Task-based effective connectivity finds alterations in frontoparietal network in Duchenne muscular dystrophy
Mathula Thangarajh, Matthew Ridder, Hakinya Karra, Sanjana Javalkar, Edward Zuniga, Amy Harper, Nitai D Mukhopadhyay, Robert Cadrain, F Gerard Moeller, James M Bjork, Liangsuo Ma
Brain Commun 2025 Oct 28;7(5):fcaf356.
https://academic.oup.com/braincomms/article/7/5/fcaf356/8305067
Duchenne muscular dystrophy is best known for its effects on muscles, but it can also affect learning, attention, and memory. In this study, researchers used brain scans to explore how different parts of the brain work together during a memory task.
They found that communication between key brain regions involved in attention and working memory was different in boys with DMD compared with children without DMD. These findings improve our understanding of how DMD may affect the brain and could help guide future approaches to support cognitive and educational outcomes for people living with the condition.
Task-based effective connectivity finds alterations in frontoparietal network in Duchenne muscular dystrophy
Scientific Summary
Duchenne muscular dystrophy (DMD), an X-linked disorder caused by absence of dystrophin, is associated with significant executive dysfunction in addition to its neuromuscular phenotype. Working memory and inhibitory control are particularly affected and contribute to the characteristic poorer academic and neurobehavioural outcomes, yet their neural substrates remain insufficiently characterized.
This study examined task-dependent effective connectivity within the frontoparietal network during an fMRI n-back working memory paradigm, using dynamic causal modelling in 11 males with DMD and 9 neurotypical controls. Despite comparable standardized working memory performance between groups, DMD participants exhibited reduced task-related activation in frontoparietal–occipital regions and lower effective connectivity within the frontoparietal network.

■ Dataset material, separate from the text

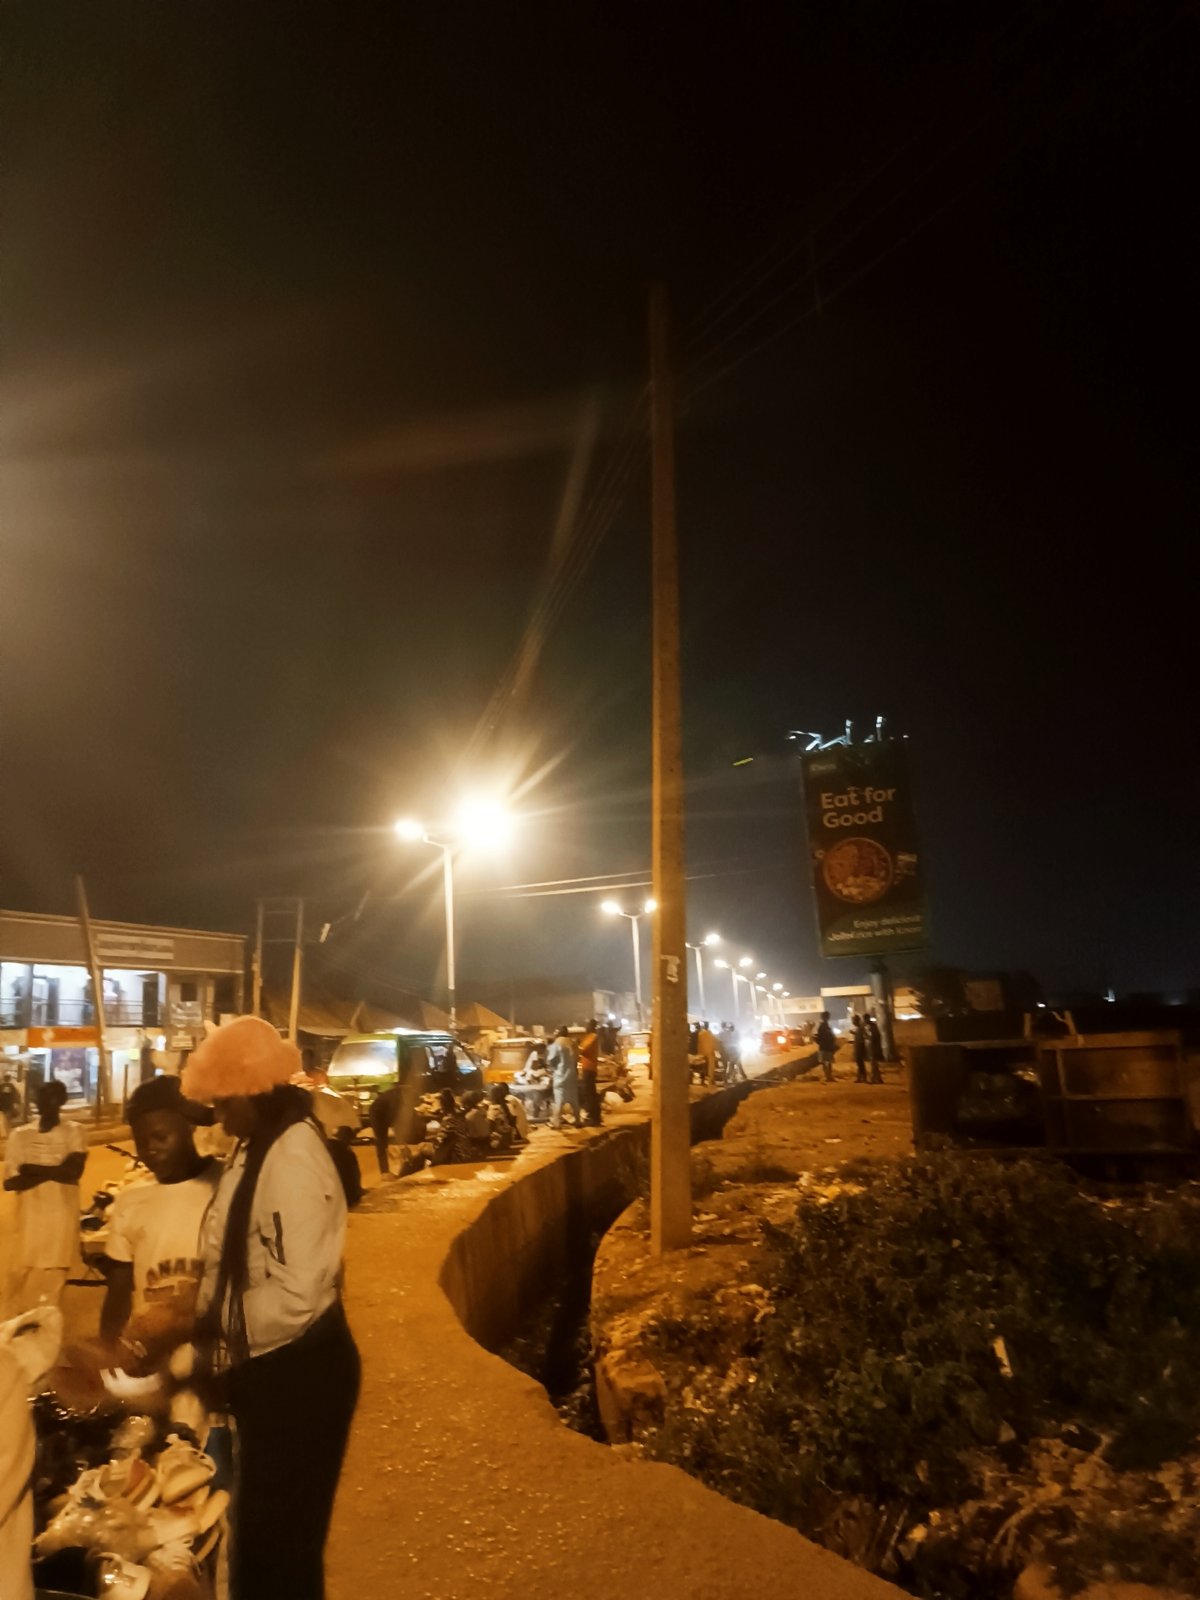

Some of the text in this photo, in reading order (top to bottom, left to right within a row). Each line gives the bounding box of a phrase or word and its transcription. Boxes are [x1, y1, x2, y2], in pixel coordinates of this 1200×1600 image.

[821, 787, 896, 809] Eat for
[823, 806, 883, 828] Good

Interestingly, increased right posterior parietal-to-dorsolateral prefrontal cortex connectivity was inversely correlated with working memory performance in DMD, suggesting inefficient or maladaptive network engagement. Behaviourally, DMD participants demonstrated slower response times, reaching significance only in an emotionally salient (fearful face) condition.
These findings indicate disrupted frontoparietal network dynamics and altered perceptual processing in DMD, implicating abnormal effective connectivity as a potential mechanism underlying executive dysfunction and a target for therapeutic intervention.
Take home messages
- Reduced brain activation: DMD patients showed hypoactivation in frontoparietal–occipital regions during the working memory task.
- Decreased effective connectivity: Frontoparietal network connectivity was lower in DMD (moderate Bayesian evidence).
- Maladaptive connectivity pattern: Stronger right parietal → dorsolateral prefrontal connectivity was associated with worse working memory performance in DMD.
- Slower processing speed: Reaction times were generally longer in DMD, though not statistically significant overall.